• Task directions:
The expected answer is the data below, printed verbatim without its pictures.

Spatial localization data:
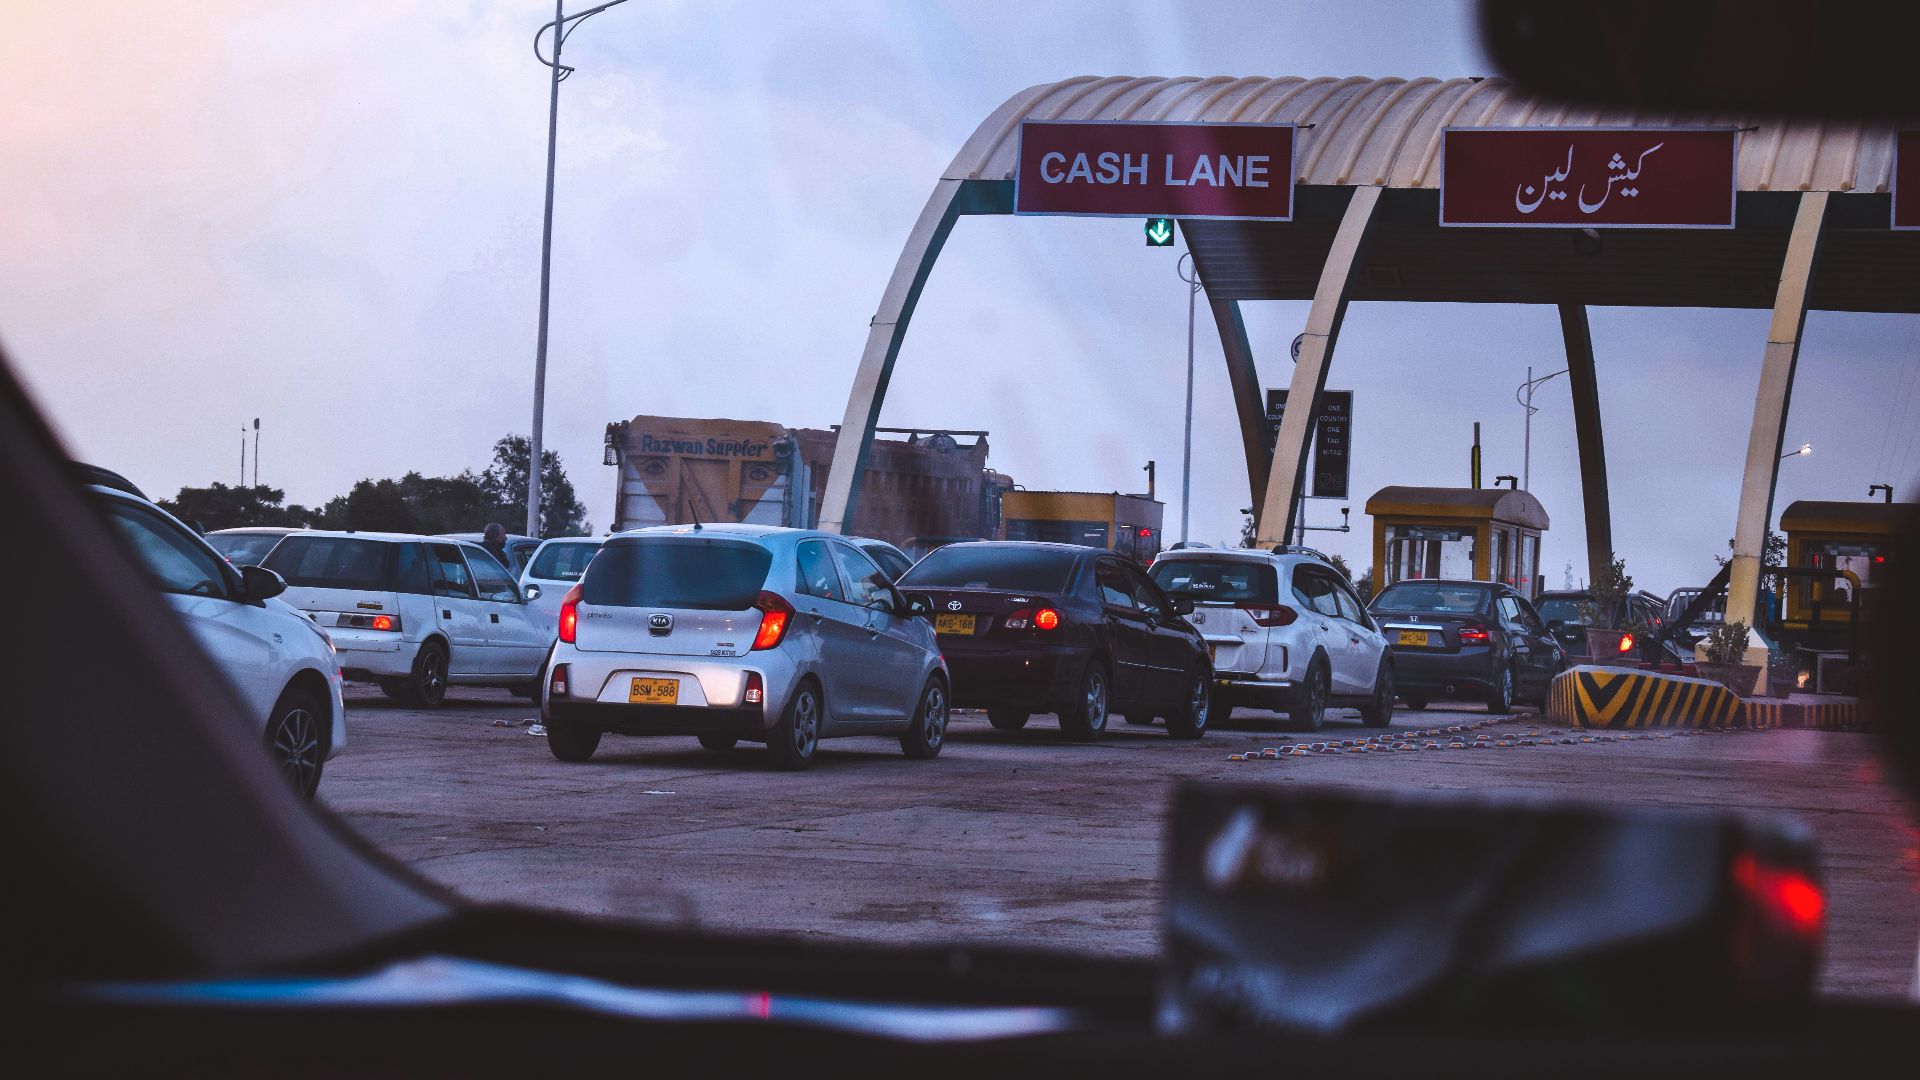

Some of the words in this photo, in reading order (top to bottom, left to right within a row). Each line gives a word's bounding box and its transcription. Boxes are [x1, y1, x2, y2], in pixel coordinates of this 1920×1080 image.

[1040, 151, 1149, 185] CASH
[1165, 154, 1270, 188] LANE
[1515, 143, 1574, 213] لین
[1578, 142, 1664, 213] کیش
[642, 434, 704, 455] Razwan
[937, 618, 974, 630] AKG-168
[632, 684, 676, 698] BSM-588
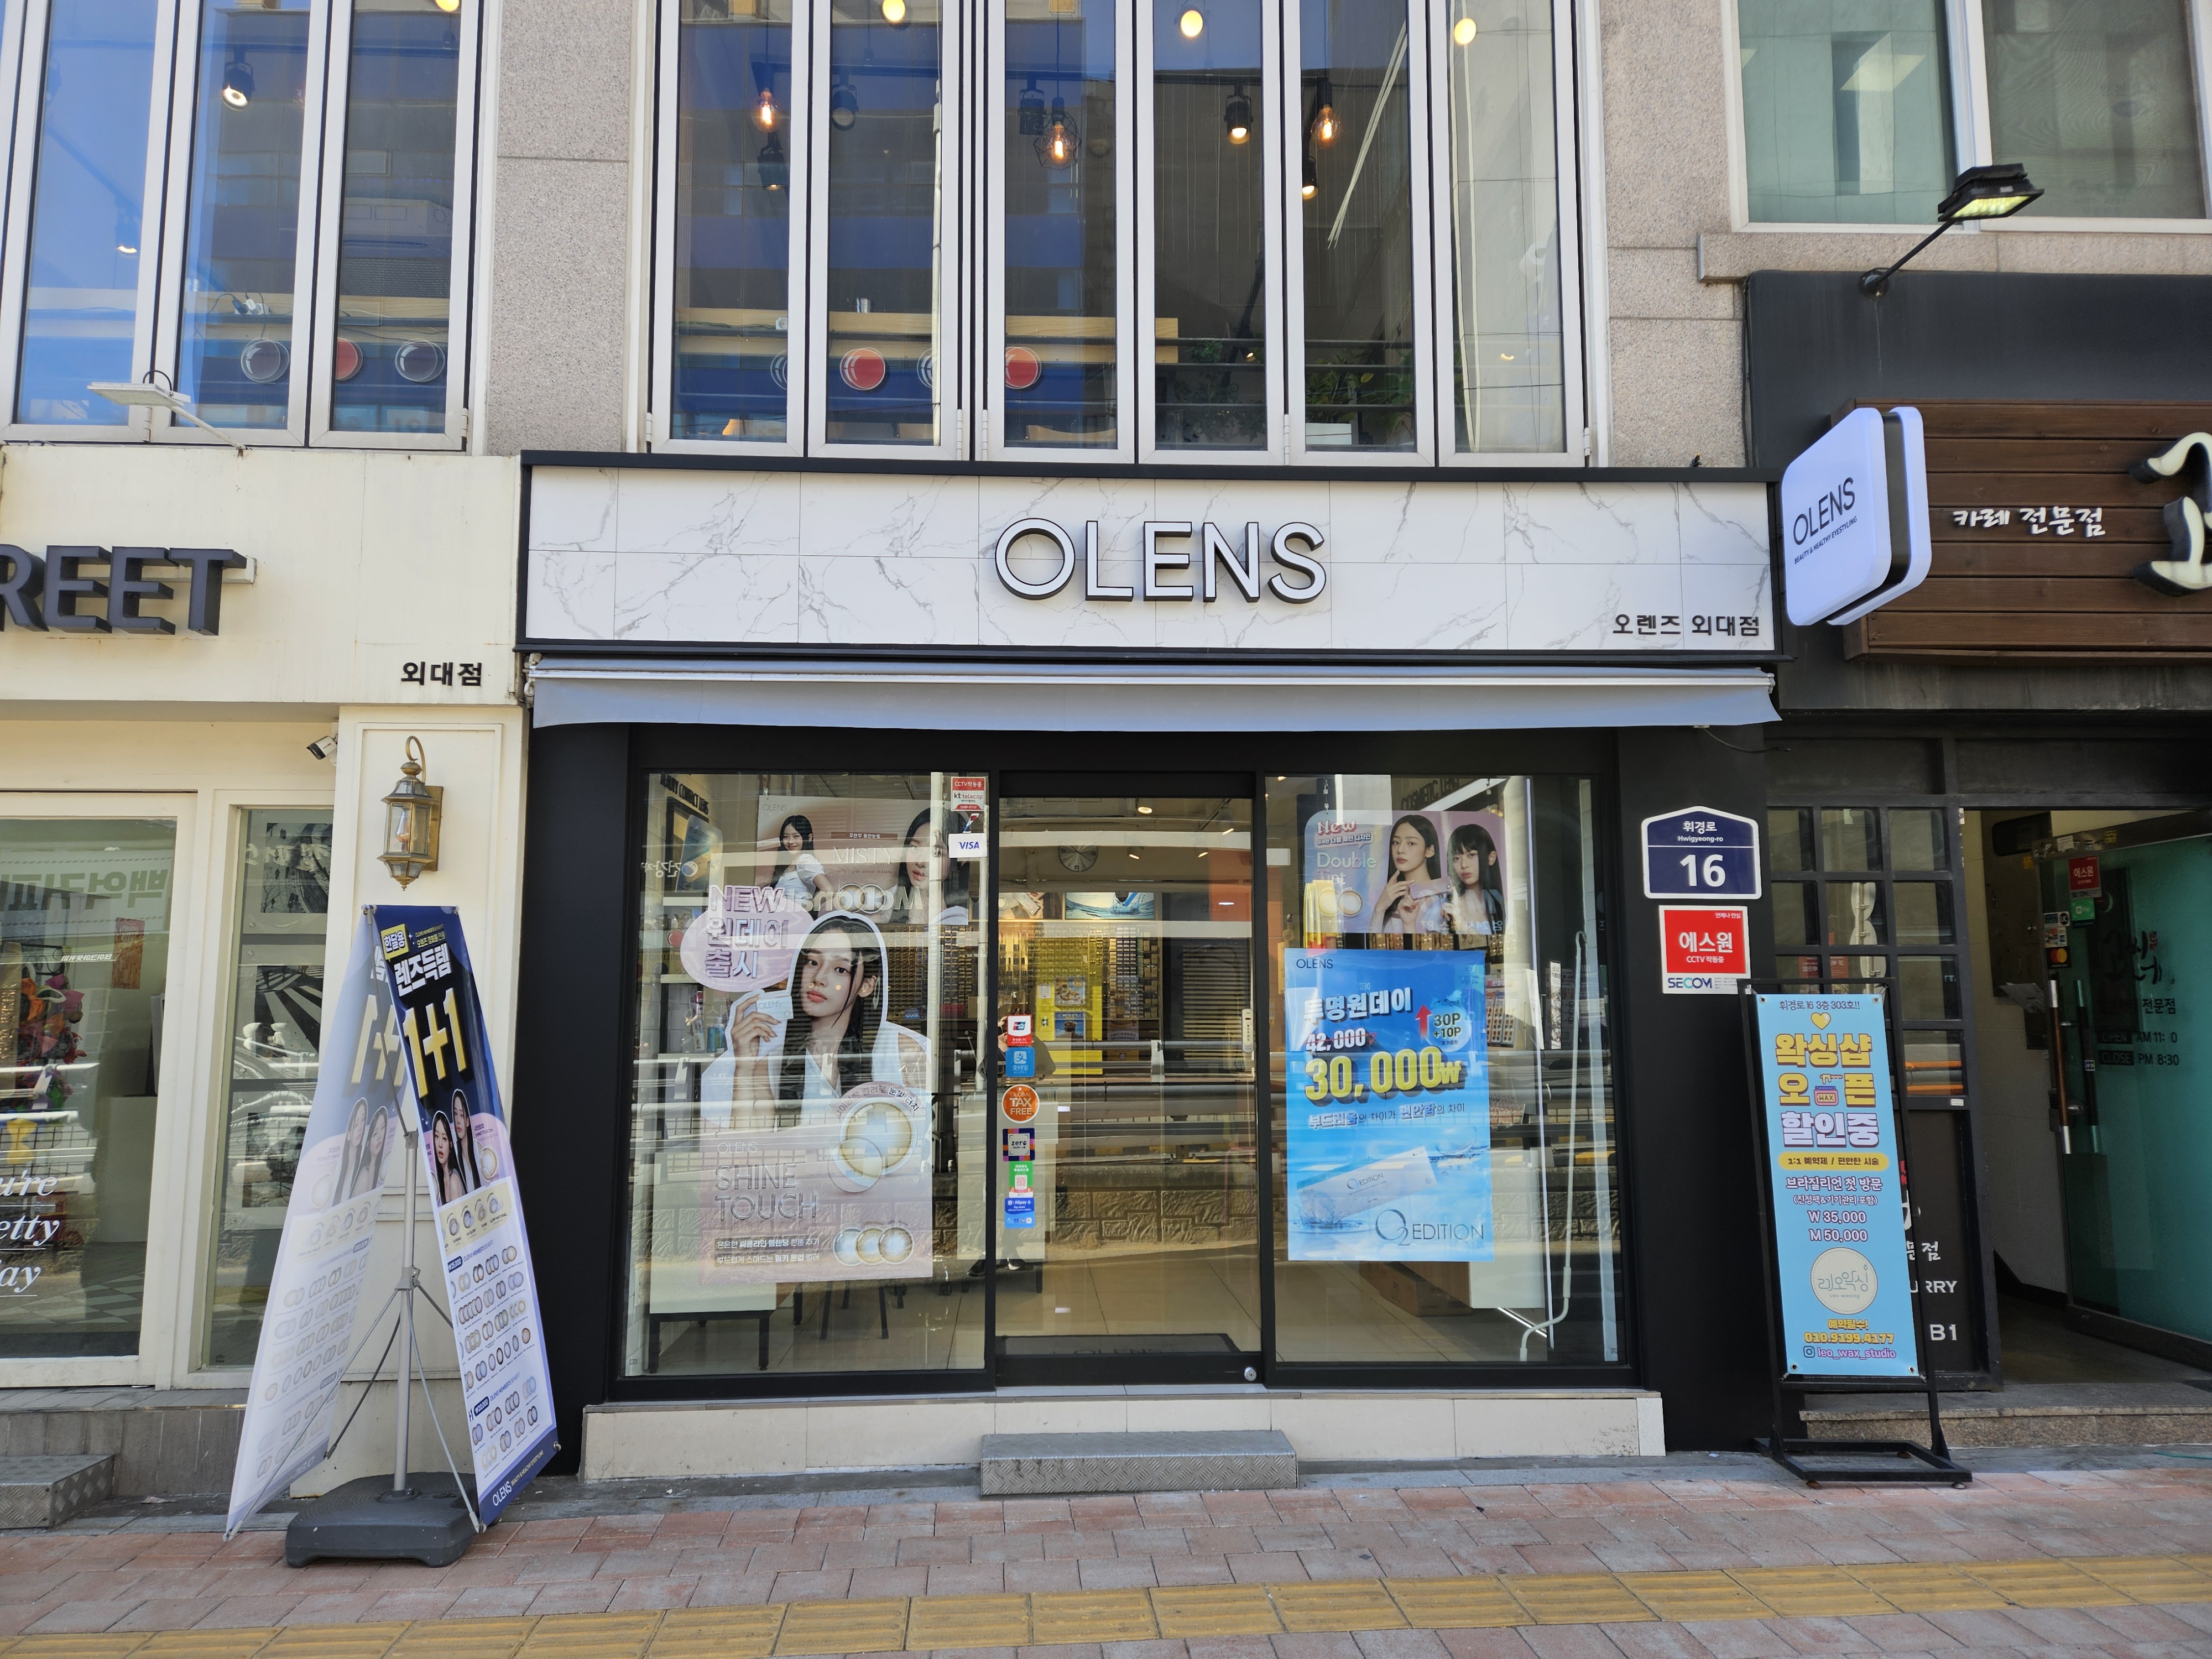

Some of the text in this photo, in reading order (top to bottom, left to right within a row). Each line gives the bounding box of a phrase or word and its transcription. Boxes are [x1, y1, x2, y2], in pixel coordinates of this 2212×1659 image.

• Result:
Some of the words in this photo, in reading order (top to bottom, left to right within a row). Each line gives a word's bounding box and its transcription. Boxes are [x1, y1, x2, y2], in pixel coordinates of this 1920×1080 image.

[1040, 151, 1149, 185] CASH
[1165, 154, 1270, 188] LANE
[1515, 143, 1574, 213] لین
[1578, 142, 1664, 213] کیش
[642, 434, 704, 455] Razwan
[937, 618, 974, 630] AKG-168
[632, 684, 676, 698] BSM-588

Some of the text in this photo, in reading order (top to bottom, left to right within a row). Each line gives the bounding box of a phrase or word and its transcription. Boxes are [x1, y1, x2, y2], in pixel coordinates of this 2212×1659 image.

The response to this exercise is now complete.